START EXCERPTED RECORDS
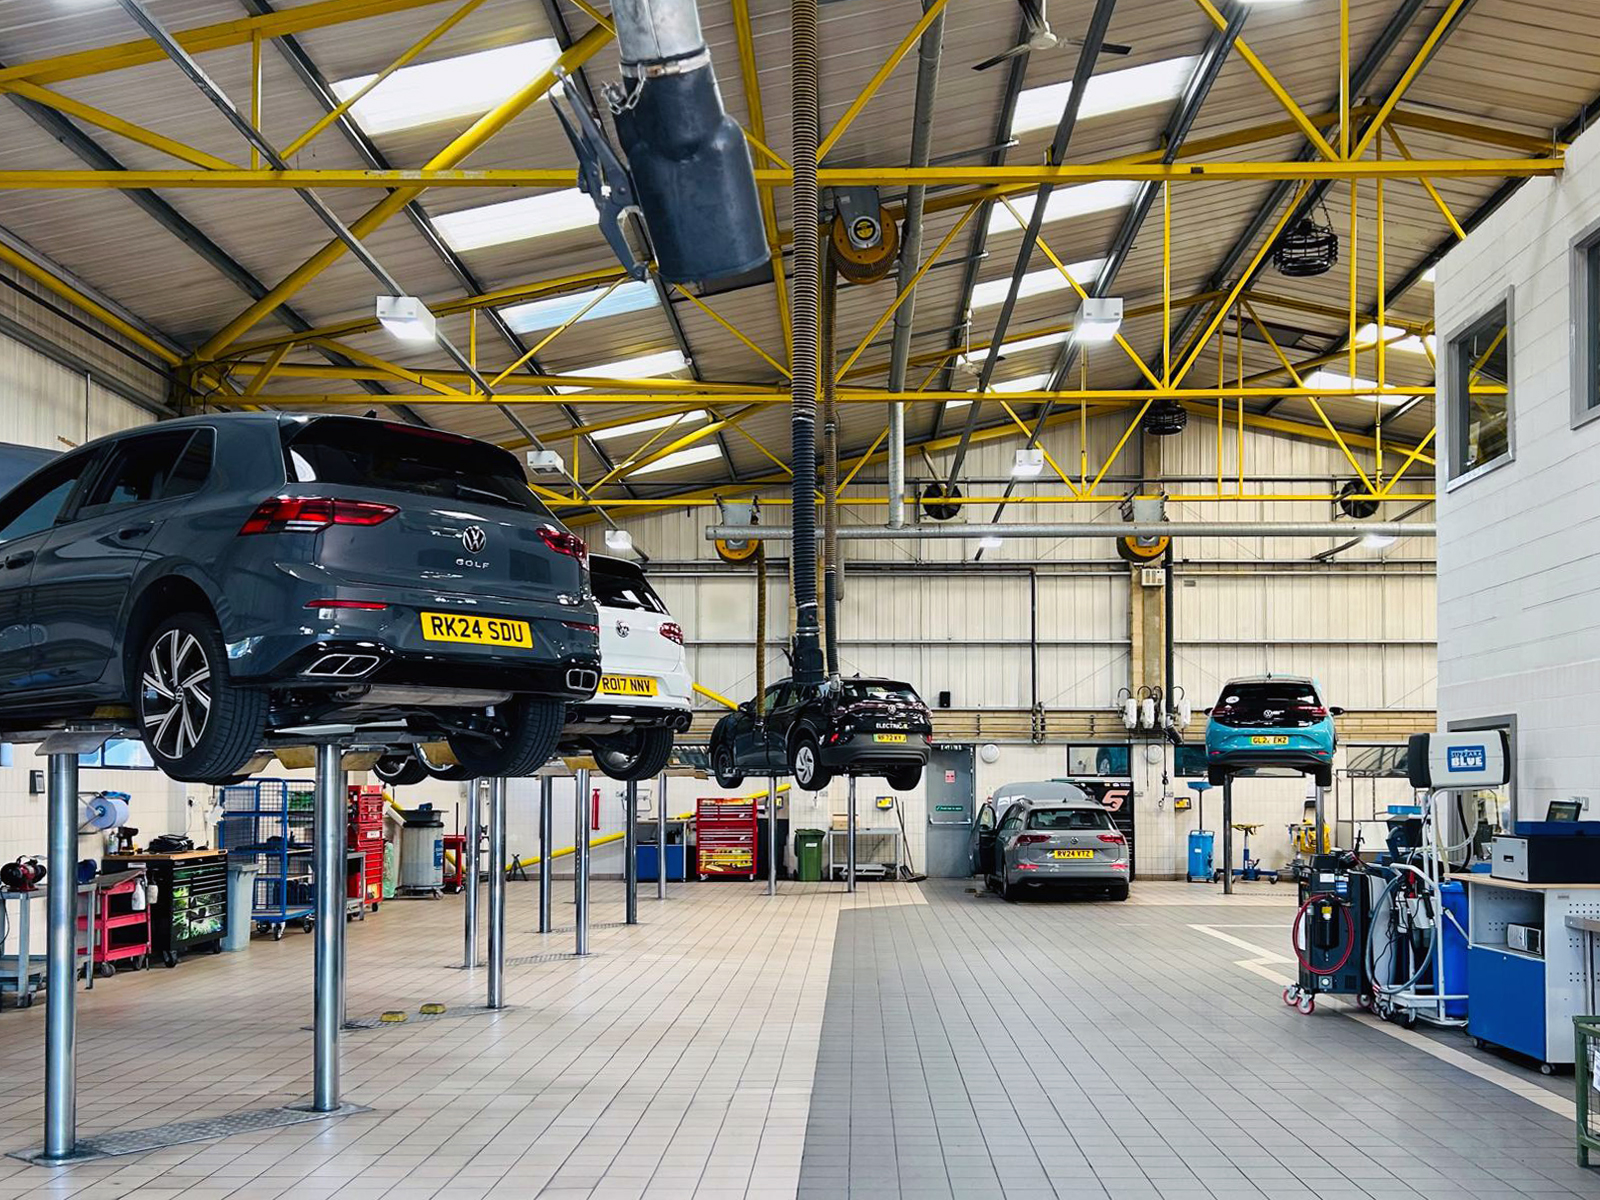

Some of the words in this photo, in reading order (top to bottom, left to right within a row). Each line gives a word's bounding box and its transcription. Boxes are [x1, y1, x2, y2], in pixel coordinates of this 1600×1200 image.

[455, 558, 490, 569] GOLF
[430, 615, 483, 639] RK24
[489, 621, 524, 643] SDU
[602, 677, 627, 691] RO17
[630, 679, 650, 692] NNV
[1451, 757, 1482, 767] BLUE
[1057, 850, 1075, 858] RV24
END EXCERPTED RECORDS
> [EXERCISE GOAL] All the lines above are to be given again exactly as they read, with the pictures removed.

> [RESPONSE FOR THIS EXERCISE]
Some of the words in this photo, in reading order (top to bottom, left to right within a row). Each line gives a word's bounding box and its transcription. Boxes are [x1, y1, x2, y2], in pixel coordinates of this 1600×1200 image.

[455, 558, 490, 569] GOLF
[430, 615, 483, 639] RK24
[489, 621, 524, 643] SDU
[602, 677, 627, 691] RO17
[630, 679, 650, 692] NNV
[1451, 757, 1482, 767] BLUE
[1057, 850, 1075, 858] RV24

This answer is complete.